The results of this study show a 42.90% of antibiotic prescription rate before the CG implementation. After the implementation of the CG, the prescription rate of antibiotics was significantly reduced by 24.5% (42.9% vs 18.4%, p<0.0001) and the appropriate antibiotic prescription rate was significantly increased by 44.2% (22.4% vs 66.6%, p<0.0001) in the first post-implementation cohort 2011. There was not a significant difference in antibiotic prescription rate and appropriate antibiotic prescription rate between two post-implementation cohorts: 18.4% vs 25.9% (p = 0.125) and 66.6% vs 50% (p = 0.191), respectively.

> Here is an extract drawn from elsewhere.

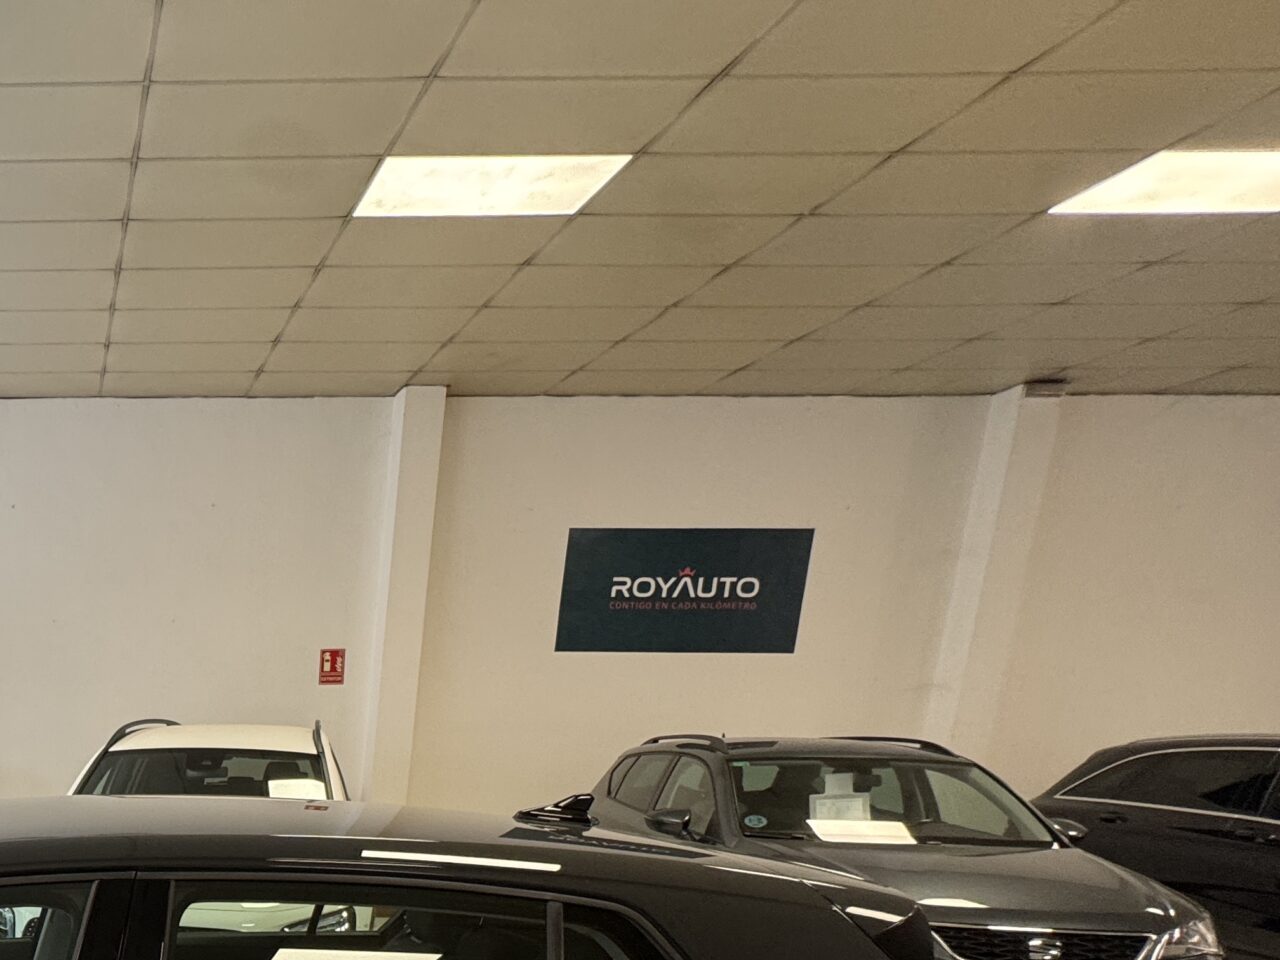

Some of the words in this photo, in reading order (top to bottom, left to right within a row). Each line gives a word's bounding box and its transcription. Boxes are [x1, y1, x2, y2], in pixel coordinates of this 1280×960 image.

[610, 576, 760, 598] ROYAUTO
[609, 601, 652, 610] CONTIGO
[656, 601, 669, 610] EN
[672, 601, 697, 610] CADA

Citation: Sánchez X, Orrico M, Morillo T, Manzano A, Jimbo R, Armijos L (2021) Reducing unnecessary antibiotic prescription through implementation of a clinical guideline on self-limiting respiratory tract infections. PLoS ONE 16(4): e0249475. https://doi.org/10.1371/journal.pone.0249475
Editor: Dafna Yahav, Rabin Medical Center, Beilinson Hospital, ISRAEL
Received: November 25, 2020; Accepted: March 18, 2021; Published: April 1, 2021
Copyright: © 2021 Sánchez et al. This is an open access article distributed under the terms of the Creative Commons Attribution License, which permits unrestricted use, distribution, and reproduction in any medium, provided the original author and source are credited.
Data Availability: All relevant data are within the paper and its Supporting Information files.
Funding: The authors received no specific funding for this work.
Competing interests: The authors have declared that no competing interests exist.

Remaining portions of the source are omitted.